* [Source material]:
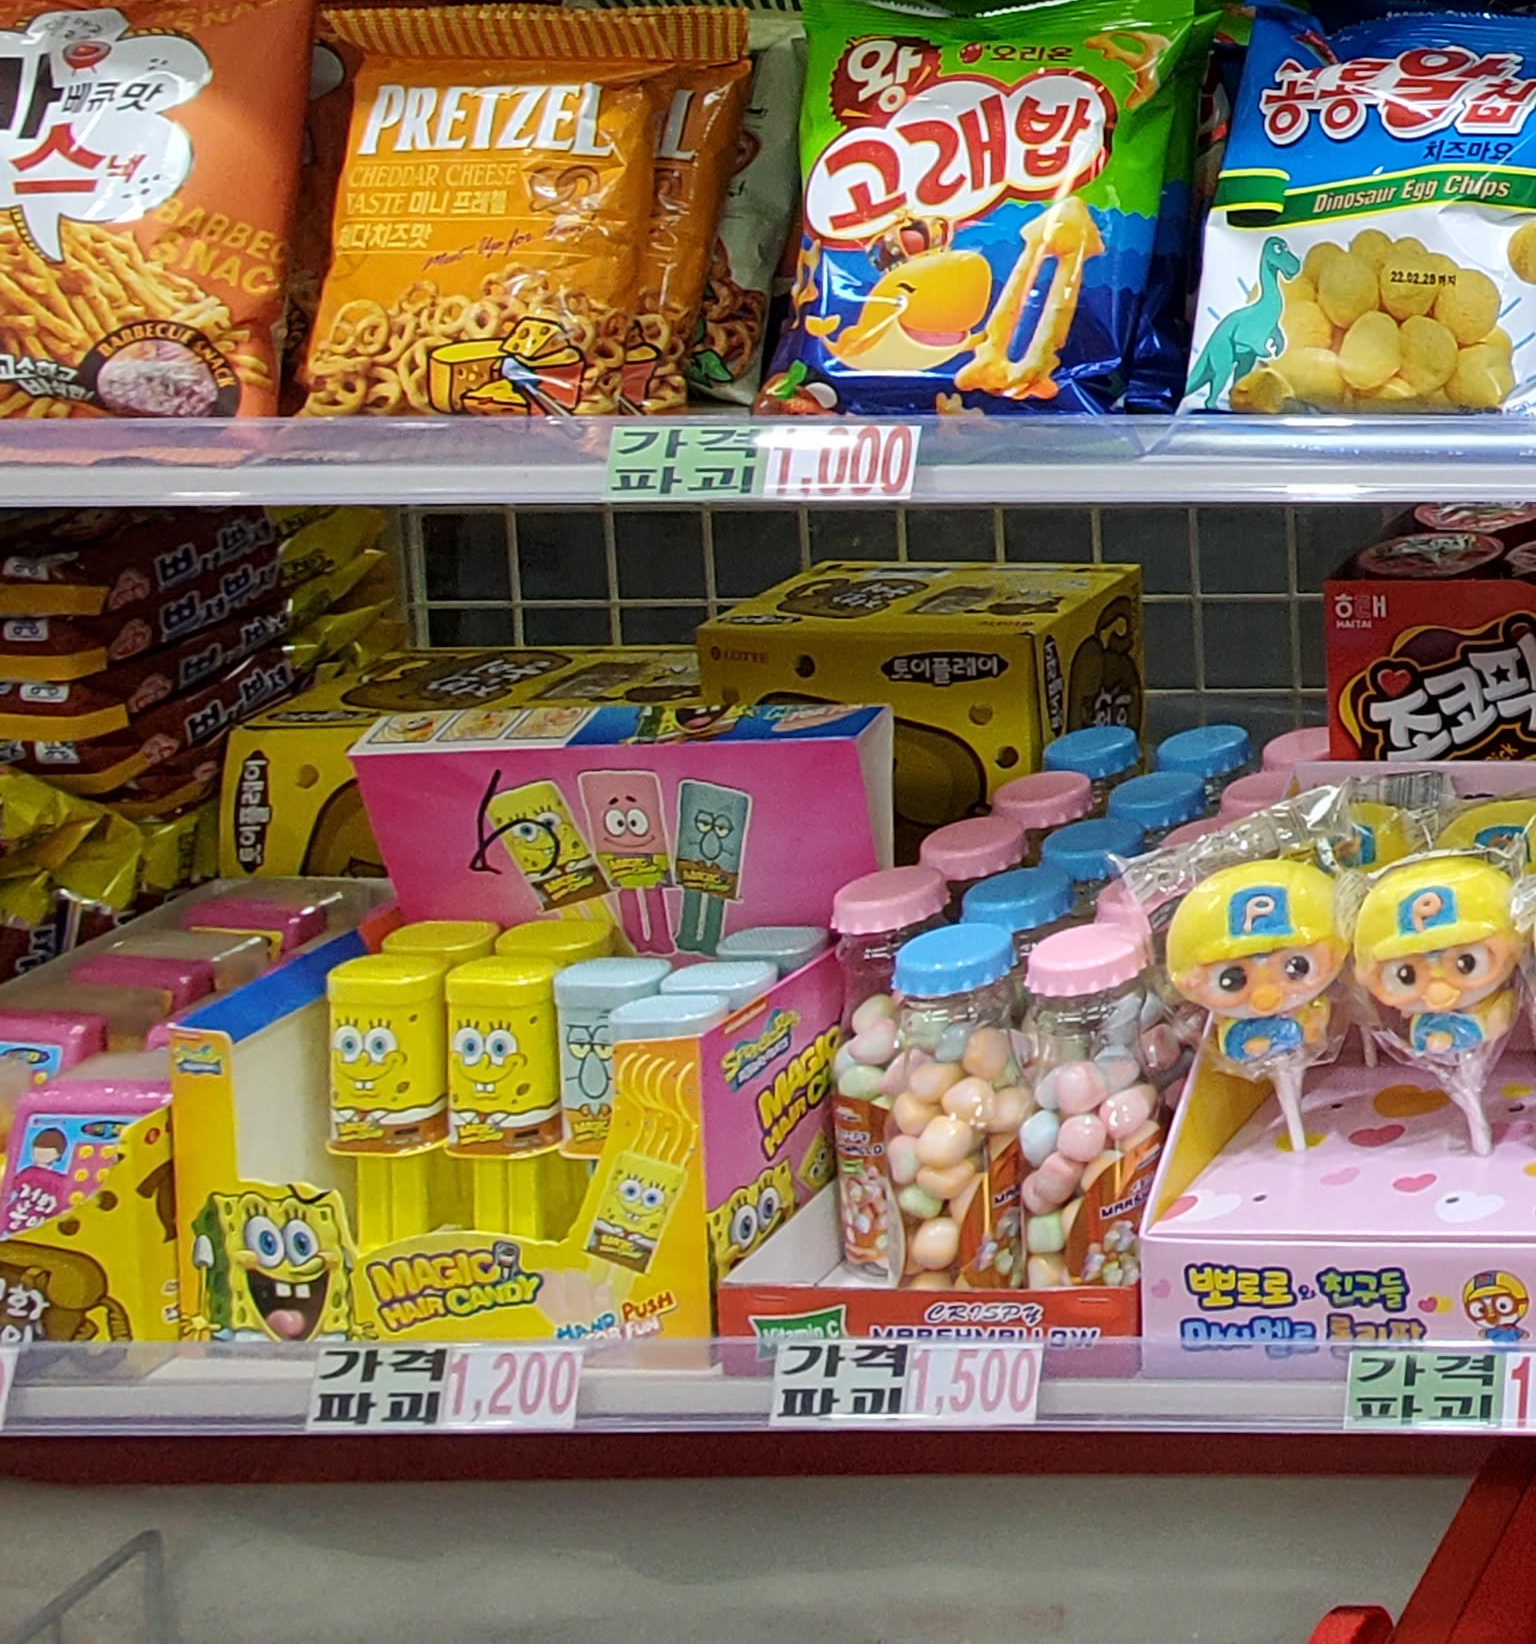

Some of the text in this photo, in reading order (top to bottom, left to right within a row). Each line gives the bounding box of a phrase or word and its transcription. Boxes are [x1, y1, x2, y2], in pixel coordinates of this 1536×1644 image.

[991, 44, 1074, 64] 오리온
[847, 41, 924, 114] 왕
[358, 82, 616, 156] PRETZEL
[823, 94, 1101, 230] 고래밥
[1422, 140, 1514, 162] 치즈마요
[350, 163, 519, 187] CHEDDAR CHEESE
[346, 191, 450, 215] TASTE 미니
[1313, 175, 1510, 214] Dinosaur Egg Chips
[1336, 620, 1372, 629] HAITAI
[892, 656, 1000, 685] 토이플레이
[1243, 896, 1275, 933] P
[369, 1252, 502, 1302] MAGIC
[1185, 1264, 1410, 1312] 뽀로로 친구들
[381, 1275, 541, 1329] HAIR CANDY
[621, 1292, 675, 1321] PUSH
[924, 1303, 1044, 1325] CRISPY
[449, 1352, 577, 1416] 1,200
[910, 1348, 1038, 1415] 1,500
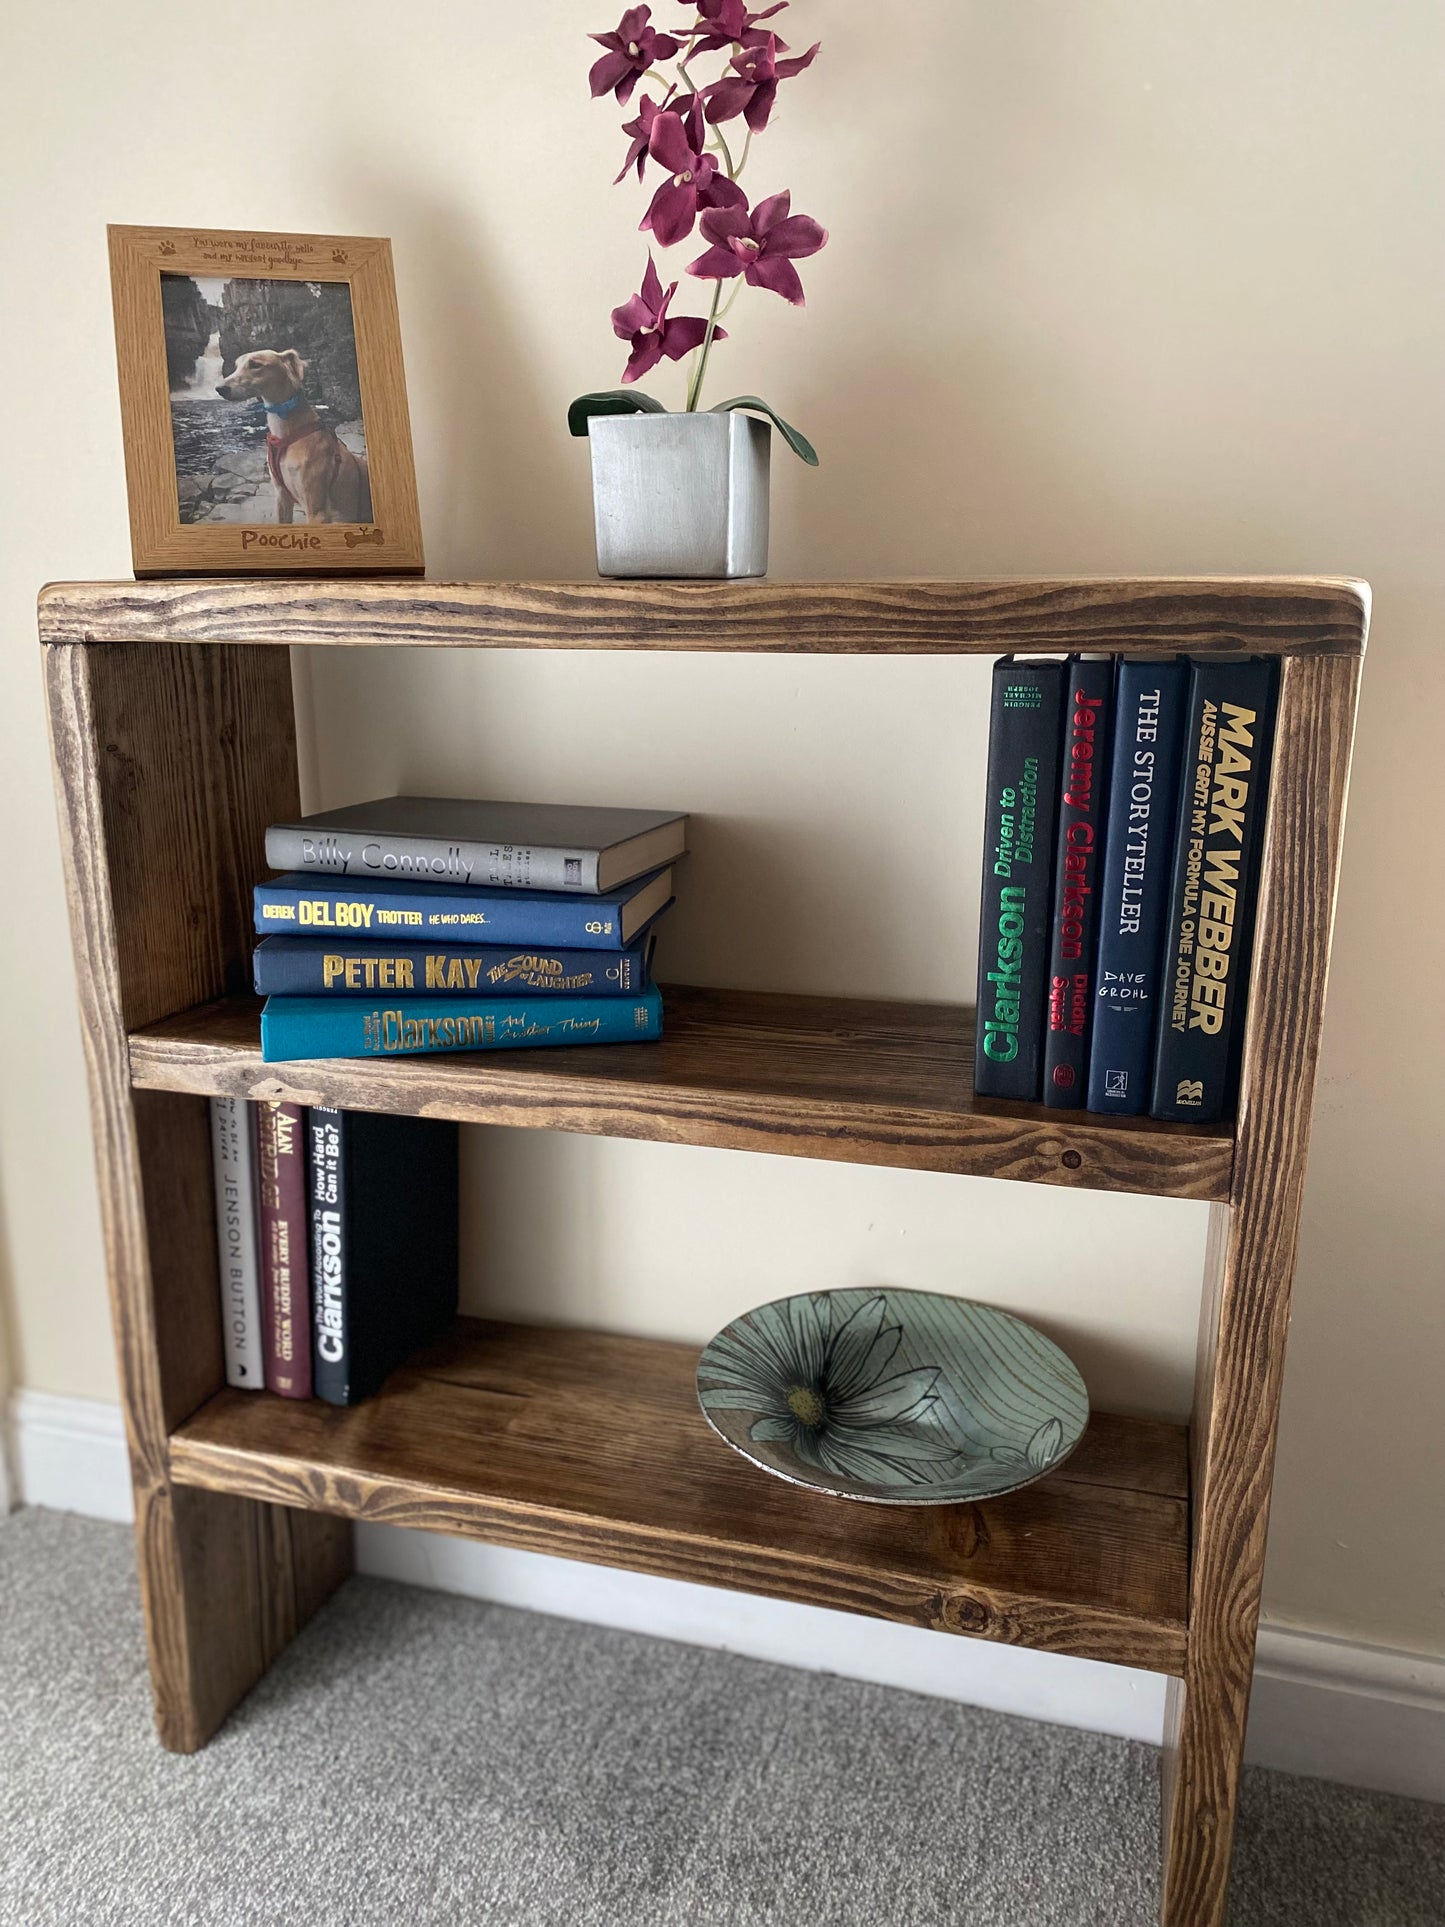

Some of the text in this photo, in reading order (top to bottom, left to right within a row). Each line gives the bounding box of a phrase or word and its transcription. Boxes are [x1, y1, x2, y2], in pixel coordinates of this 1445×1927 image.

[236, 241, 249, 252] my
[241, 530, 321, 549] Poochie
[1198, 698, 1218, 763] AUSSIE
[994, 787, 1016, 878] Driven to
[1015, 757, 1039, 864] Distraction
[1060, 688, 1103, 960] Jeremy Clarkson
[1119, 689, 1160, 935] THE STORYTELLER
[1190, 809, 1207, 836] MY
[302, 838, 351, 874] Billy
[362, 843, 474, 883] Connolly
[1182, 838, 1204, 917] FORMULA
[1188, 701, 1257, 1035] MARK WEBBER
[262, 904, 296, 920] DEREK
[376, 910, 423, 925] TROTTER
[428, 913, 440, 925] HE
[441, 913, 459, 924] WHO
[1178, 919, 1195, 955] ONE
[323, 954, 482, 989] PETER KAY
[486, 954, 563, 984] THE SOUND
[527, 971, 594, 989] LAUGHTER
[983, 886, 1025, 1062] Clarkson
[1104, 971, 1146, 983] DAVE
[1049, 975, 1069, 1031] Squat
[1098, 986, 1149, 999] GROHL
[1171, 956, 1191, 1033] JOURNEY
[381, 1010, 484, 1051] Clarkson
[557, 1017, 607, 1035] Thing
[277, 1111, 298, 1155] ALAN
[312, 1126, 325, 1202] How Hard
[325, 1123, 339, 1204] Can it Be?
[224, 1173, 247, 1350] JENSON BUTTON
[278, 1219, 289, 1265] EVERY
[318, 1211, 344, 1363] Clarkson
[281, 1319, 293, 1361] WORD

* [What to do]: The whole listing should be transcribed exactly, though its pictures must be left out.

* [Exercise result]:
Some of the text in this photo, in reading order (top to bottom, left to right within a row). Each line gives the bounding box of a phrase or word and its transcription. Boxes are [x1, y1, x2, y2], in pixel coordinates of this 1536×1644 image.

[991, 44, 1074, 64] 오리온
[847, 41, 924, 114] 왕
[358, 82, 616, 156] PRETZEL
[823, 94, 1101, 230] 고래밥
[1422, 140, 1514, 162] 치즈마요
[350, 163, 519, 187] CHEDDAR CHEESE
[346, 191, 450, 215] TASTE 미니
[1313, 175, 1510, 214] Dinosaur Egg Chips
[1336, 620, 1372, 629] HAITAI
[892, 656, 1000, 685] 토이플레이
[1243, 896, 1275, 933] P
[369, 1252, 502, 1302] MAGIC
[1185, 1264, 1410, 1312] 뽀로로 친구들
[381, 1275, 541, 1329] HAIR CANDY
[621, 1292, 675, 1321] PUSH
[924, 1303, 1044, 1325] CRISPY
[449, 1352, 577, 1416] 1,200
[910, 1348, 1038, 1415] 1,500

Some of the text in this photo, in reading order (top to bottom, left to right within a row). Each line gives the bounding box of a phrase or word and its transcription. Boxes are [x1, y1, x2, y2], in pixel coordinates of this 1445×1927 image.

[236, 241, 249, 252] my
[241, 530, 321, 549] Poochie
[1198, 698, 1218, 763] AUSSIE
[994, 787, 1016, 878] Driven to
[1015, 757, 1039, 864] Distraction
[1060, 688, 1103, 960] Jeremy Clarkson
[1119, 689, 1160, 935] THE STORYTELLER
[1190, 809, 1207, 836] MY
[302, 838, 351, 874] Billy
[362, 843, 474, 883] Connolly
[1182, 838, 1204, 917] FORMULA
[1188, 701, 1257, 1035] MARK WEBBER
[262, 904, 296, 920] DEREK
[376, 910, 423, 925] TROTTER
[428, 913, 440, 925] HE
[441, 913, 459, 924] WHO
[1178, 919, 1195, 955] ONE
[323, 954, 482, 989] PETER KAY
[486, 954, 563, 984] THE SOUND
[527, 971, 594, 989] LAUGHTER
[983, 886, 1025, 1062] Clarkson
[1104, 971, 1146, 983] DAVE
[1049, 975, 1069, 1031] Squat
[1098, 986, 1149, 999] GROHL
[1171, 956, 1191, 1033] JOURNEY
[381, 1010, 484, 1051] Clarkson
[557, 1017, 607, 1035] Thing
[277, 1111, 298, 1155] ALAN
[312, 1126, 325, 1202] How Hard
[325, 1123, 339, 1204] Can it Be?
[224, 1173, 247, 1350] JENSON BUTTON
[278, 1219, 289, 1265] EVERY
[318, 1211, 344, 1363] Clarkson
[281, 1319, 293, 1361] WORD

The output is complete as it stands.